Listed records Block Start

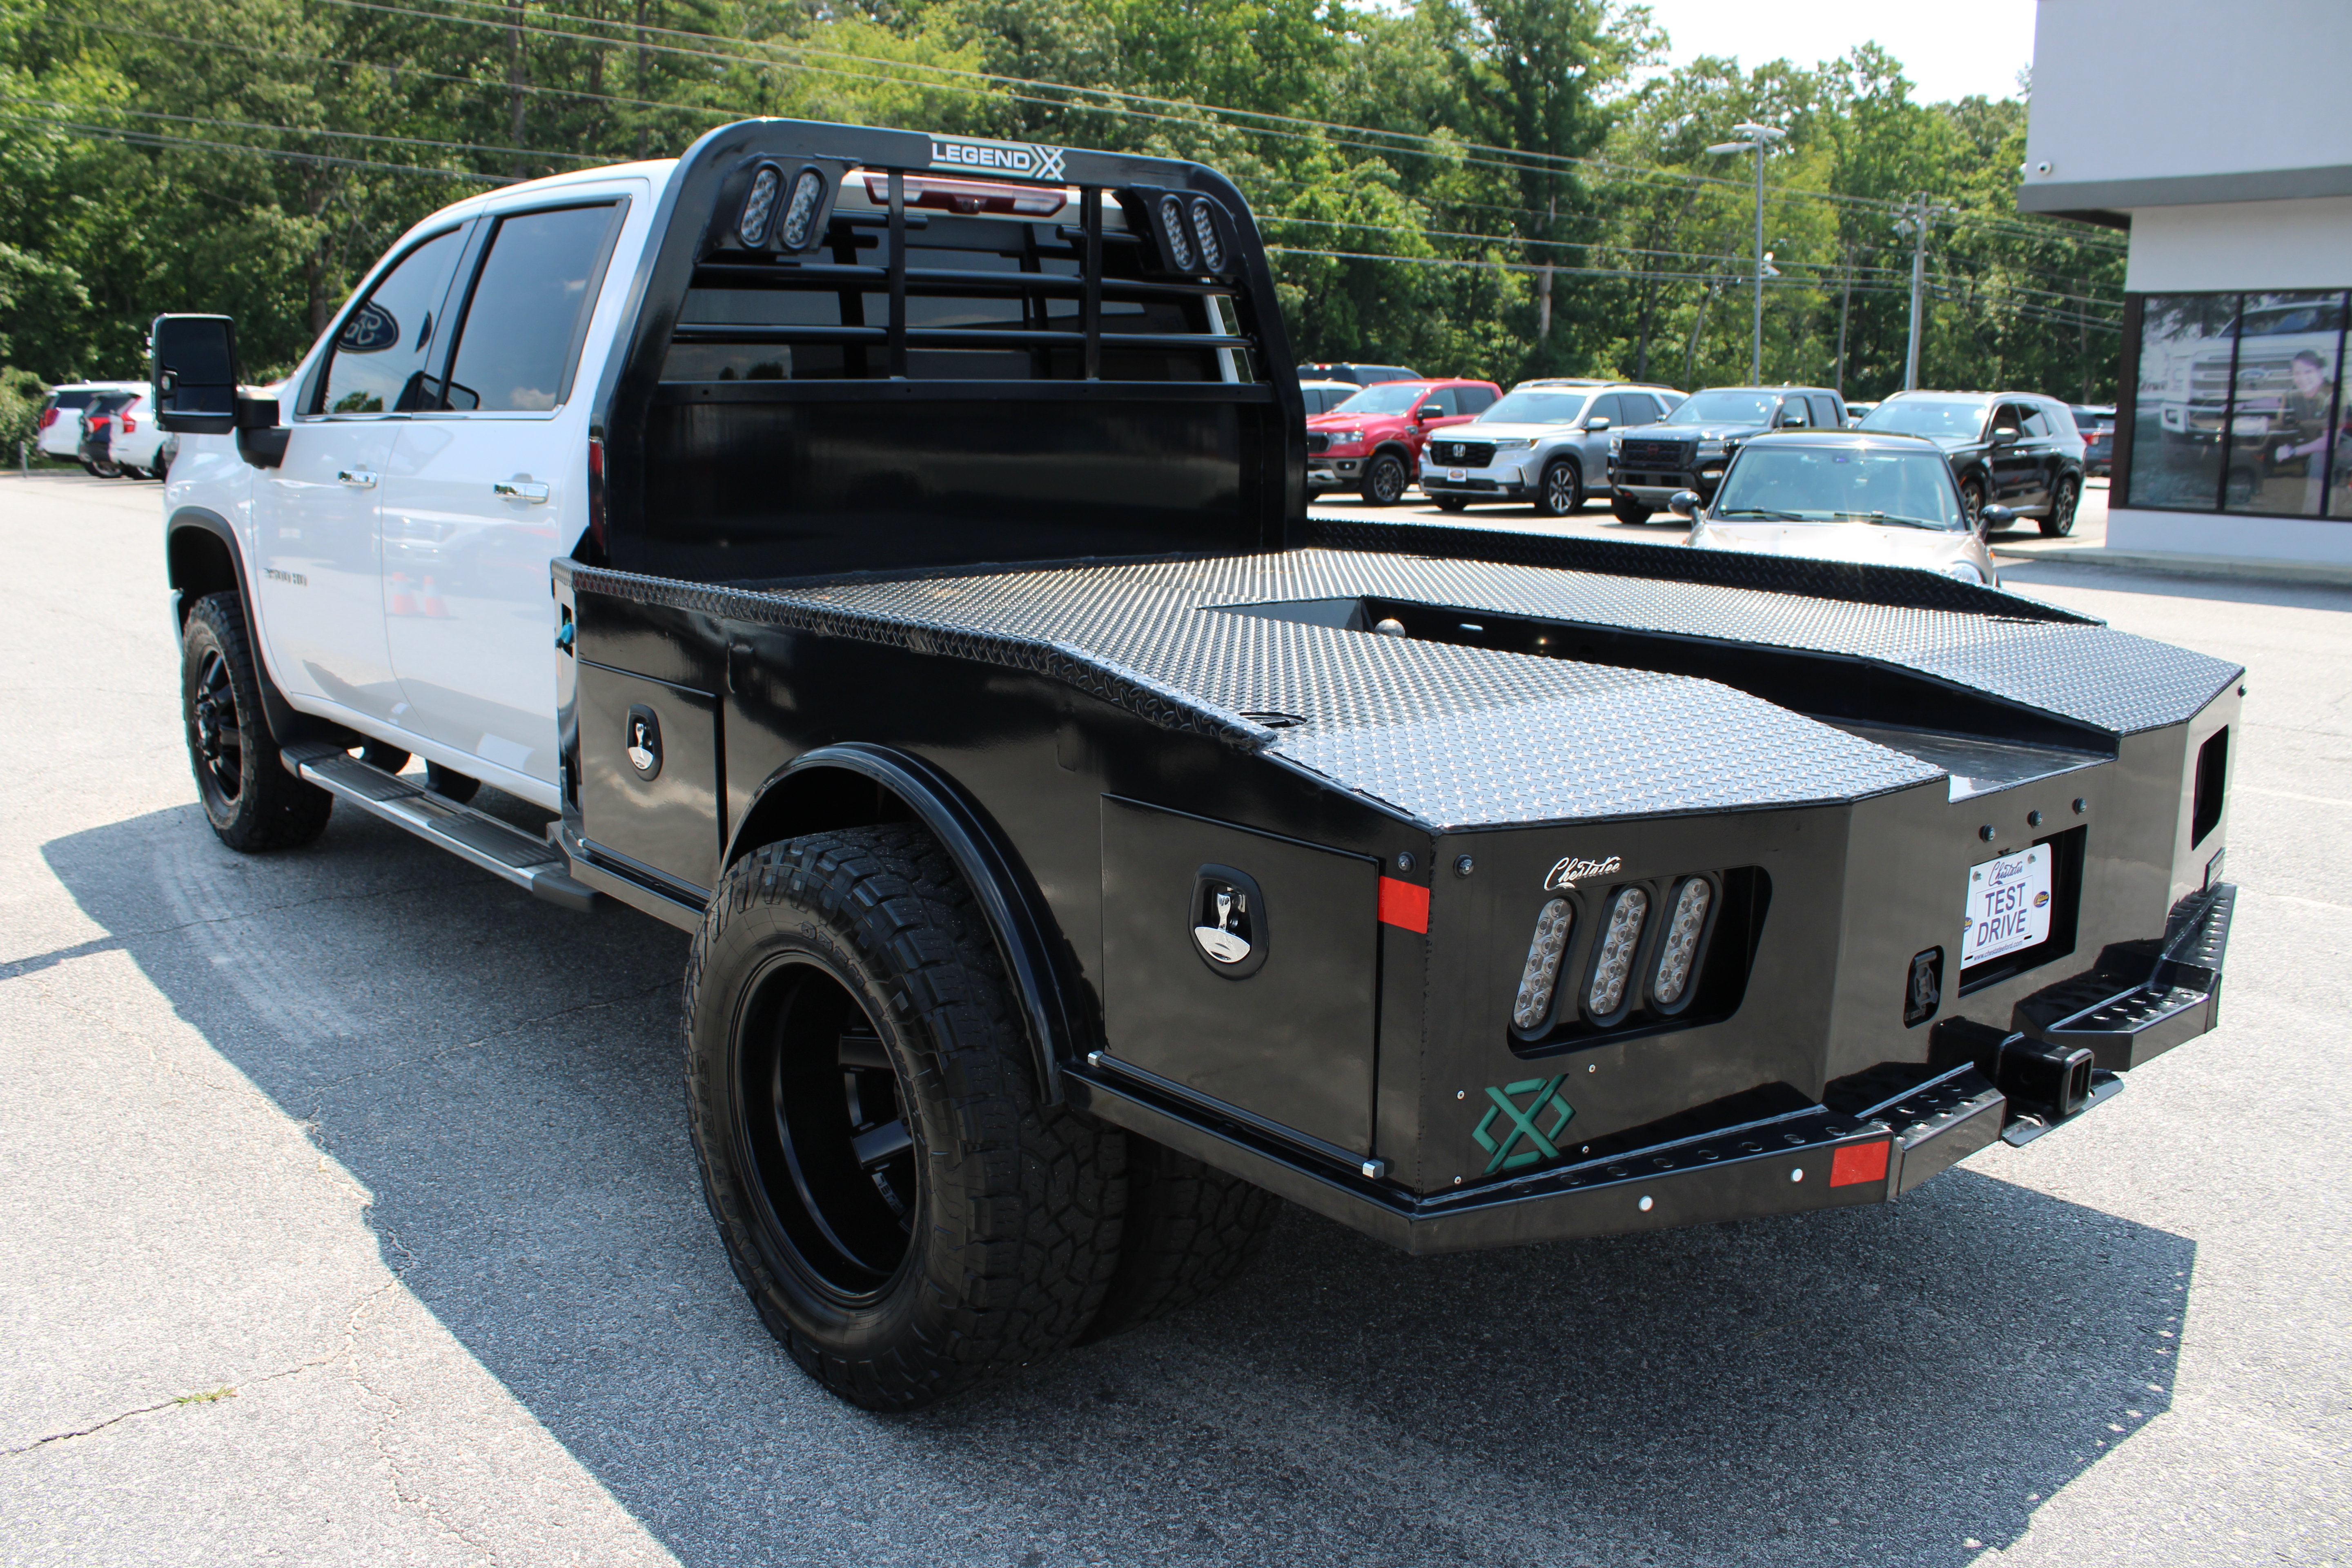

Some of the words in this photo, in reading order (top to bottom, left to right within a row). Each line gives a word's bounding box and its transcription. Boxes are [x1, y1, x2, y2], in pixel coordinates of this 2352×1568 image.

[1544, 856, 1622, 891] Chestatee
[1988, 861, 2022, 886] Chestatee
[1985, 882, 2026, 917] TEST
[1977, 909, 2027, 947] DRIVE
[1973, 940, 2023, 961] www.chestateeford.com
[697, 1055, 727, 1184] TIRES
[718, 1191, 773, 1291] TOYO
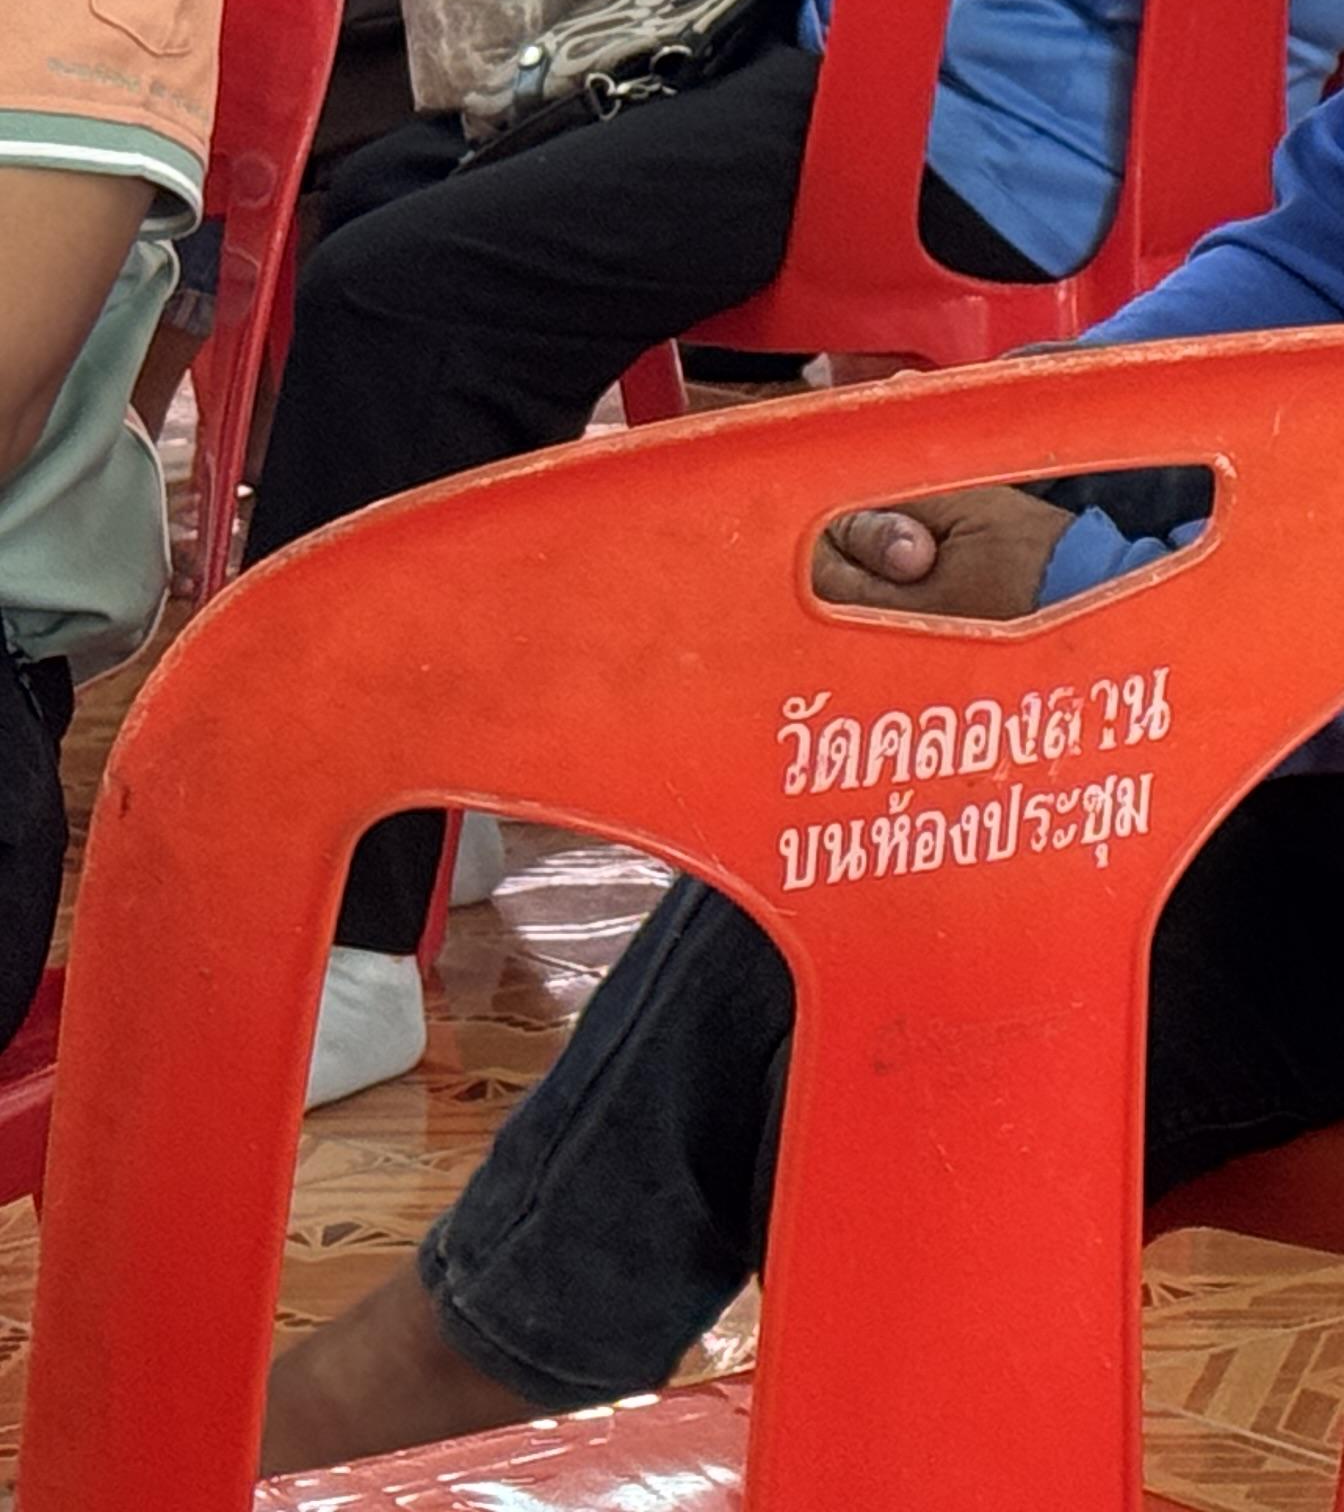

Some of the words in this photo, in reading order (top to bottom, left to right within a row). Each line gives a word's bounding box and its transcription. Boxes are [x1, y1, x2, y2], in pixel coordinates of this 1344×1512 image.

[778, 772, 1155, 891] บนห้องประชุม

Listed records Block End

▸ Work order:
Output the line containing "this 1344×1512 image." and all lines after it to the end of the records, exactly as given.

▸ Answer to the problem:
Some of the words in this photo, in reading order (top to bottom, left to right within a row). Each line gives a word's bounding box and its transcription. Boxes are [x1, y1, x2, y2], in pixel coordinates of this 1344×1512 image.

[778, 772, 1155, 891] บนห้องประชุม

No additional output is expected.